L'Accidenté
C
o l l i g n o n
P
A N A Y I A
ACCIDENTÉ
Bâclé,
grand,
hâve.
Les mains
pendantes. Walter
Walden
([val] [val]) front
sur la vitre, seul, ressassant
sa
liste d’annuaires section
barmaids
doses
accélérées –
relâchées
– la
proie pour l’ombre
– s’abandonner
pour vivre abandonner
pour obtenir on
connaît la chanson MERDE
au volant nom de Dieu au volant la
vie éternelle c’est mathématique.
Il
se voit
montant de tiroir en tiroir tout petit tirant des gants des
serviettes et courant se laver renfilant
sur lui très vite mal séché ses habits de garçon à l’exception
de ses chaussettes. Son
corps se compose de zones séchées non savonnées, savonnées non
séchées.
Il
répartit sur lui les parfums. Aujourd’hui adulte, pas de cravate.

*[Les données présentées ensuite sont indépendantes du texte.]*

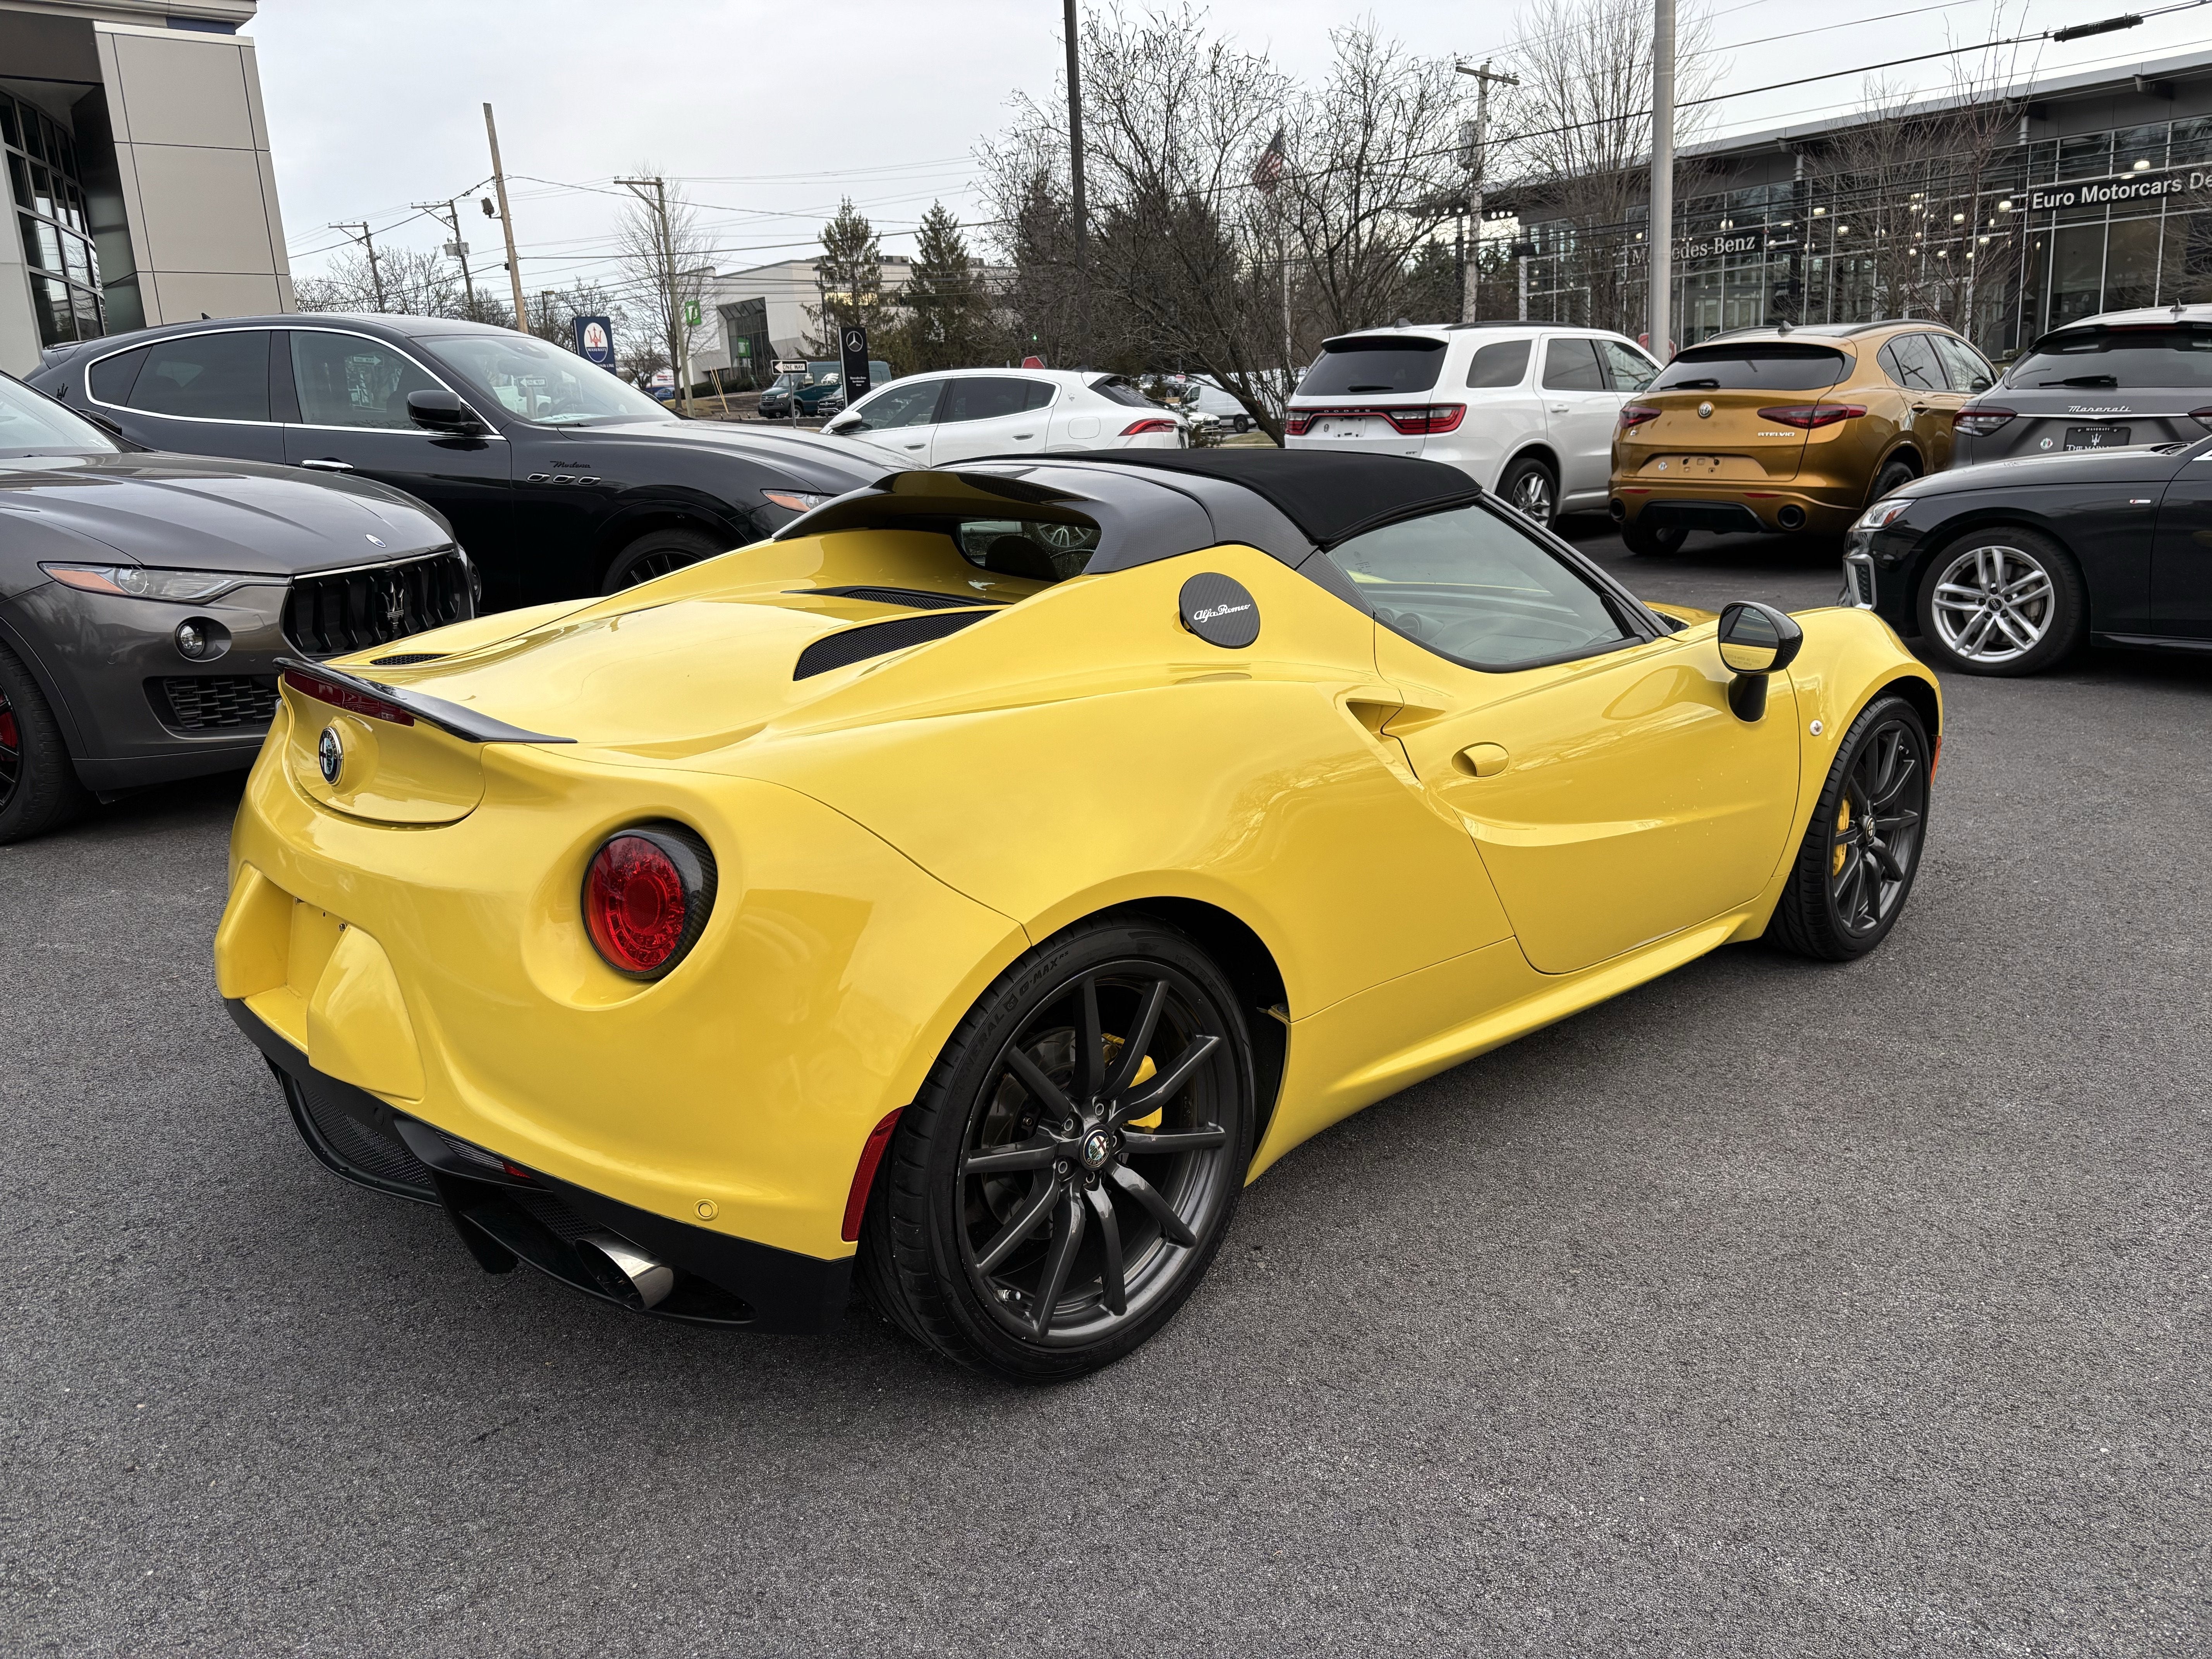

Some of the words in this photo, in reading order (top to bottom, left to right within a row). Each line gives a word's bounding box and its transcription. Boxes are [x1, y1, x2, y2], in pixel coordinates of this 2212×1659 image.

[2032, 192, 2075, 210] Euro
[2081, 178, 2182, 204] Motorcars
[1631, 236, 1756, 266] Medes-Benz
[1194, 608, 1219, 623] Alfa
[1218, 604, 1251, 614] Romeo
[1060, 950, 1070, 960] RS

Une échancrure, où la femme sélectionnée glisserait la main,
sentirait le cœur battre.
La voiture de l’homme adulte est luisante, astiquée. Même
froissée, la tôle brille. Muni d’un chiffon le voilà qui lustre.
Une femme l’attend, qu’il connaît déjà, dont il souligné sur
l’annuaire les nom et prénom. Ne va-t-il pas se présenter trop
tard ? Il devient fébrile, oublie ses clés sur la commode j’ai
failli m’enfermer dehors. Penser à tout. C’est beaucoup pour
un homme seul. Alerte. Aisé.
X
Pendant
ce temps, à Bonnières, un autre homme, une femme. Bientôt
les quatre se heurteront dans la ferraille. Un enfant manque dans le
tout. « Monsieur et Madame Bargros-Vintancourt vous invitent »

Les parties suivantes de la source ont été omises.